[Extracted data entries]
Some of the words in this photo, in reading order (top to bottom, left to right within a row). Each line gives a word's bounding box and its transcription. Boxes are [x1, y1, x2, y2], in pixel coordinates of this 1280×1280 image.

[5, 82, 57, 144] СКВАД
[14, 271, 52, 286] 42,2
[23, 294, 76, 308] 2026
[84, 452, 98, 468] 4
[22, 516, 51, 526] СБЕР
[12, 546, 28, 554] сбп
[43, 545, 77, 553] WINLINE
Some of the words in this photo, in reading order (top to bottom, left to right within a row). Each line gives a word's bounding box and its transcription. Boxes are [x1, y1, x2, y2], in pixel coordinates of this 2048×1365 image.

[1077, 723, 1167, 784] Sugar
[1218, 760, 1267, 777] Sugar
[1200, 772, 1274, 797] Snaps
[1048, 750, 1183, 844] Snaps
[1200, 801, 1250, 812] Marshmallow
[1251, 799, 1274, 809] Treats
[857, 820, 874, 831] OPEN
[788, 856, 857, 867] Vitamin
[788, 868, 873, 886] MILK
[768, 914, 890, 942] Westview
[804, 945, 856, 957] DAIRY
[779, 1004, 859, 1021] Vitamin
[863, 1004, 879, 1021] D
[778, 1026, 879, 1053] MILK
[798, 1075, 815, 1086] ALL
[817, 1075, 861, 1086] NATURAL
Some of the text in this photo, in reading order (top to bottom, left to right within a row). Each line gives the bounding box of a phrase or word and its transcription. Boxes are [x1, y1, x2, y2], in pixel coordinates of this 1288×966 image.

YOUR OBJECTIVE: What is needed is an exact transcription of every entry.

TASK RESPONSE:
Some of the words in this photo, in reading order (top to bottom, left to right within a row). Each line gives a word's bounding box and its transcription. Boxes are [x1, y1, x2, y2], in pixel coordinates of this 1280×1280 image.

[5, 82, 57, 144] СКВАД
[14, 271, 52, 286] 42,2
[23, 294, 76, 308] 2026
[84, 452, 98, 468] 4
[22, 516, 51, 526] СБЕР
[12, 546, 28, 554] сбп
[43, 545, 77, 553] WINLINE
Some of the words in this photo, in reading order (top to bottom, left to right within a row). Each line gives a word's bounding box and its transcription. Boxes are [x1, y1, x2, y2], in pixel coordinates of this 2048×1365 image.

[1077, 723, 1167, 784] Sugar
[1218, 760, 1267, 777] Sugar
[1200, 772, 1274, 797] Snaps
[1048, 750, 1183, 844] Snaps
[1200, 801, 1250, 812] Marshmallow
[1251, 799, 1274, 809] Treats
[857, 820, 874, 831] OPEN
[788, 856, 857, 867] Vitamin
[788, 868, 873, 886] MILK
[768, 914, 890, 942] Westview
[804, 945, 856, 957] DAIRY
[779, 1004, 859, 1021] Vitamin
[863, 1004, 879, 1021] D
[778, 1026, 879, 1053] MILK
[798, 1075, 815, 1086] ALL
[817, 1075, 861, 1086] NATURAL
Some of the text in this photo, in reading order (top to bottom, left to right within a row). Each line gives the bounding box of a phrase or word and its transcription. Boxes are [x1, y1, x2, y2], in pixel coordinates of this 1288×966 image.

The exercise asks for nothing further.